Firebrand reigns supreme in ghoulish, ghostly, fiendish romp
Capcom is known for its globally renowned roster of video game characters. From Mega Man to Nemesis, these characters have cemented their legacy. Firebrand, the red demon of death that is on that renowned roster, made his bones and shows up to show out in Capcom’s Demon’s Crest (no, not the devil’s toothpaste).
In Demon’s Crest, you take the role of the fire-breathing, head-butting hero Firebrand through six stages as he tries to recover magical crests, which are artifacts with control of the elements and time. According to Demon’s Crest legend, when these items fell into the demon world, a civil war erupted with Firebrand as the victor claiming the crests of Earth, Fire, Wind, Water and Time. Firebrand fought another demon named Somulo, who held the crest of Heaven, and secured a victory over the rival demon. However, another demon named Phalanx attacked Firebrand while he had low health, taking possession of all the crests. This allowed Phalanx to summon another crest that controls infinity. While Firebrand recovered, he was imprisoned in an arena guarded by the revived Somulo. After defeating Somulo, Firebrand begins his quest for vengeance and recovery of his well-earned spoils of war.

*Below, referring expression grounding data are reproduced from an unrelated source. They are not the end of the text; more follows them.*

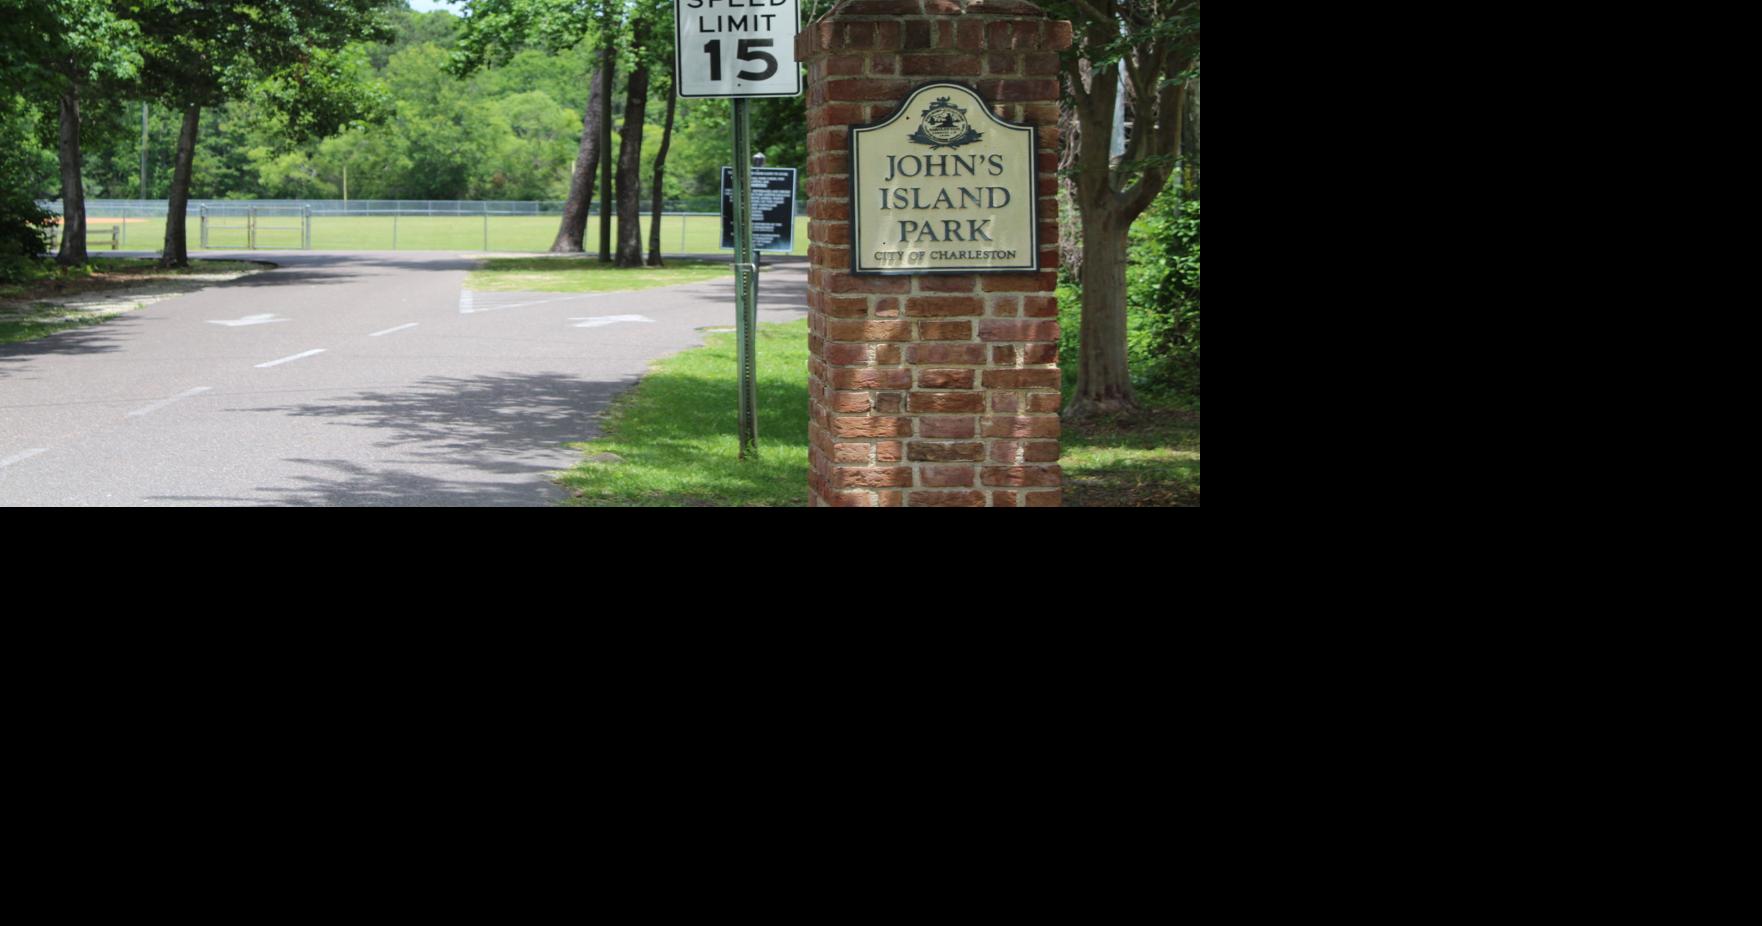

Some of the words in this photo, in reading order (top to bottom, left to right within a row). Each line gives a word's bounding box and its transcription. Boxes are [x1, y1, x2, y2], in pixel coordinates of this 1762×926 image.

[699, 14, 776, 33] LIMIT
[704, 38, 778, 81] 15
[884, 154, 1004, 182] JOHN'S
[879, 186, 1011, 210] ISLAND
[898, 219, 993, 242] PARK
[874, 251, 904, 261] CITY
[908, 251, 926, 261] OF
[930, 250, 1017, 260] CHARLESTON

Gameplay is a combination of platforming and Japanese RPGs mixed with elements from Castlevania and Metroid. Firebrand has the usual platforming moves such as running, and jumping, but can climb walls, temporarily float, and launch projectile attacks with the help of the Fire crest. Firebrand can pick up various powerups from fallen enemies to increase health and attacks in addition to collecting coins to purchase for various items found in shops throughout the demon realm. I also love that Firebrand has some allies: Phorapa, a demon who sell potions with various abilities; Malwous, a demon that tells Firebrand the secrets of talismans found from the human realm; and, Morack, who sells magic spells to boost Firebrand’s arsenal.
The controls are simple, yet require some nuance to remember all of Firebrand’s abilities. The fact that Capcom decided to take a fresh approach on the platforming instead of making another Ghosts n’ Ghosts was a wise choice to make here. The music fits the theme of each stage and maintains the theme of the stage well. And much like the music, the graphics also won me over for the colors and artistry, especially when played on a modern television.
While I love most parts of Demon’s Crest, there are some not-so-good nitpicks to make. Certain stages where perfect timing is needed to land on floating platforms across killer obstacles are annoying. The precision isn’t there and it’s frustrating to attempt it multiple times. Another strike comes when you play the bonus game. You must time your head-butting attack against demon skulls in a Whack-a-Mole-style game with a time limit. Considering that if you lose, you also lose money, this is a problem with the in-game economy. It makes you not want to play the mini-game at all. I also had issues with the Mode 7 view in Demon’s Crest. Although awesome most of the time you use it in navigating the demon realm, it weirdly affects your vision if you fly around for a prolonged time.
Demon’s Crest comes from Capcom’s attempt to do something new and exciting. Ushering in a new era of platforming and hop ‘n bop action was Capcom’s agenda and it paid off. In the case of Demon’s Crest, they understood the assignment and passed.